As a Professor in the Technology Design and Safety Department, I have been instructing TDS 160 Introduction to Power and Energy continuously since my appointment in 1978. Based largely on my doctoral work at Umass-Amherst (national energy policy, energy conservation, renewable sources), I radically revised the course content over the years to meet TDS programmatic changes. This course has evolved from its Industrial Arts teacher-training roots with in-depth training in the narrow field of mechanics (small engine/auto mechanics; hydraulics, pneumatics) to an orientation to energy systems as they apply to the commercial/industrial, residential and transportation sectors. In the last decade I have worked consciously to develop this course as an interdisciplinary and multi-disciplinary exploration of how local initiatives can remedy the problematic combination of flawed federal energy planning and international energy corporate control. To encourage students to apply creative problem-solving strategies to unstructured problems related to local energy issues, I employ a Problem-Based Service Learning or PBSL project (involving local non-profit agencies) that serves as the ‘final examination.”
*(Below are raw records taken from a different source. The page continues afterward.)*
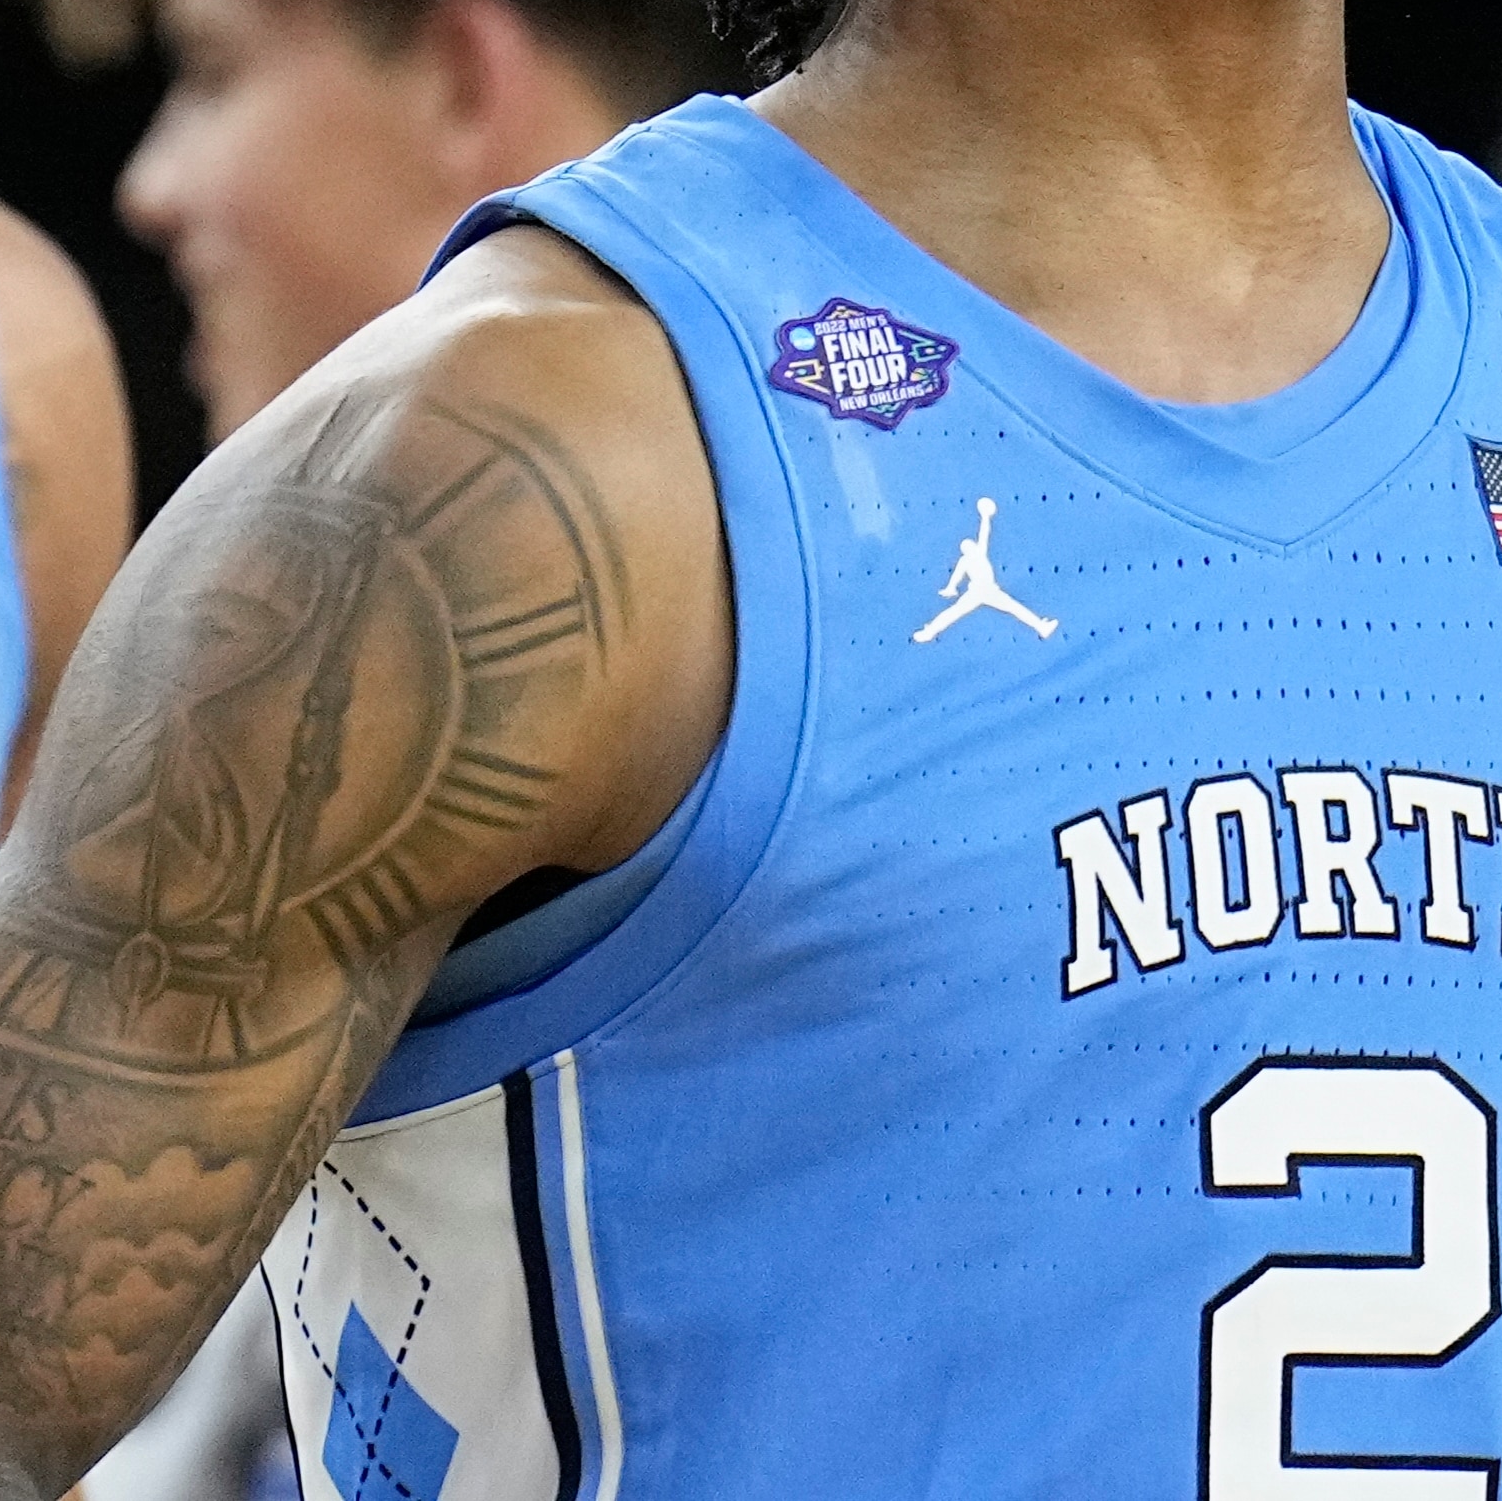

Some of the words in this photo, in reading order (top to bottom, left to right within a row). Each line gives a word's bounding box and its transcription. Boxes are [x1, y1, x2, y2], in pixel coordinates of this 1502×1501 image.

[814, 318, 847, 336] 2022
[849, 313, 887, 331] MEN'S
[822, 326, 903, 364] FINAL
[828, 353, 907, 395] FOUR
[839, 394, 868, 412] NEW
[869, 386, 925, 406] ORLEANS
[1199, 1052, 1502, 1501] 2
The course most recently served as a TDS elective in the Technology Studies major and as an open elective that consistently attracted students campus wide — Technology (Product Design and Development), Architecture, Environmental Studies, Computer, Education, Mathematics, Safety, science and social science degree candidates, as well as students pursuing transfer to engineering schools.
[refer to attached Appendix: Rationale, Student Outcomes II, Service Learning, Assessment and Texts for more background]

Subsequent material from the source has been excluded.